The 18th century saw thorough and radical social, cultural and political changes. In a nutshell, we can define them as an attempt to free scientific, social and artistic research from the centuries-old patronages, such as those bestowed by the church and aristocratic or royal courts. Notwithstanding any evaluations of this period, the social changes led to, inter alia, the Great French Revolution, which abolished the established social order for the first time in Europe’s history. Scientific research led to ground-breaking discoveries and inventions, such as the steam engine, and in consequence resulted in massive changes in human migration, industrial development and, what is perhaps the most typical feature of the 19th century, the speed of travelling thanks to the use of railway.
The 18th-century artists, such as Bach, Haydn, and Mozart, wearing servant uniforms for the most part of this century, towards its end made efforts to emancipate themselves as artists (Beethoven was largely an embodiment of such emancipation). In the following century this trend led to another extreme – the universal cult of the artist as envoy of the gods.
The Enlightened Virtuoso is an attempt to show the artist-performer beginning to get independent in the second half of the 18th century by breaking up with the stereotype of a musician as a servant and heading towards artistic independence, in this case of the violin virtuoso soloist.

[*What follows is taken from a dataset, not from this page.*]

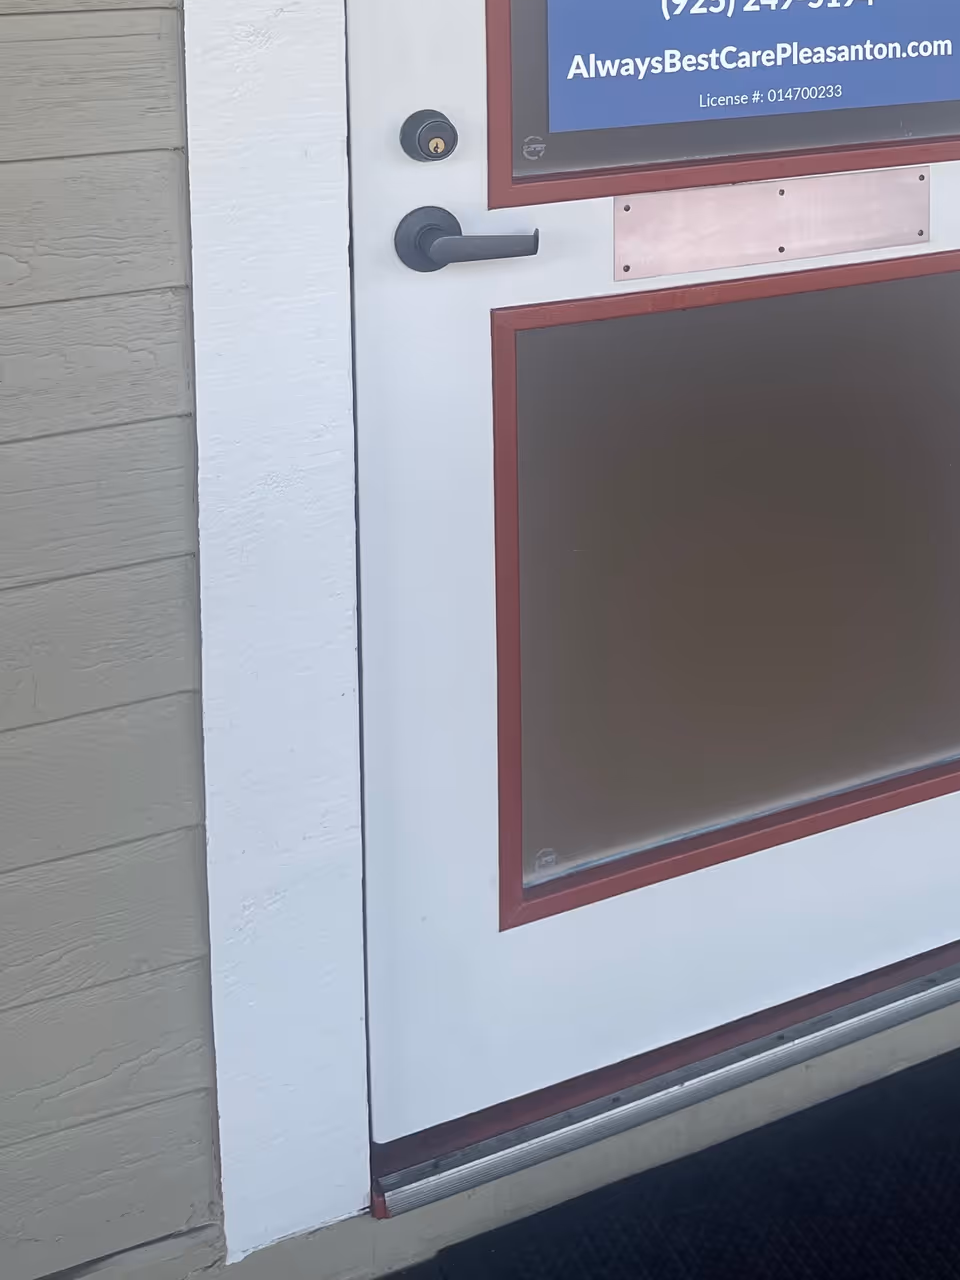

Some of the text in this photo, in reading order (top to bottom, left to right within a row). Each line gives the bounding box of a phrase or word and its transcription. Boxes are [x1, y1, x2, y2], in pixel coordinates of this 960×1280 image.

The presented repertoire is a cross-section of styles in the Enlightenment Europe. On the one hand, one can still discern the reminiscences of the artful and ornate Baroque style and Sturm und Drang or Empfindsamer Stil inspirations, and on the other one can observe the influence of the Classical style and the first glimmers of the upcoming Romanticism. The composers are the great violinists active across Europe – Ivan Khandoshkin worked in Sankt Petersburg, Johan Helmich Roman in Stockholm, Friedrich Wilhelm Rust in Germany, Federigo Fiorillo, and Niccolo Paganini in Italy. Thus we get a full range of music in the second half of the 18th century, with all its richness and diversity.
The recording was made by Zbigniew Pilch on a historical instrument with gut strings. The bow used is a copy of a bow from the turn of the 18th century. The interpretation of pieces is largely based on historical records concerning performance principles, including the use of articulation and fingering, adequate for performance practice in the second half of the 18th century.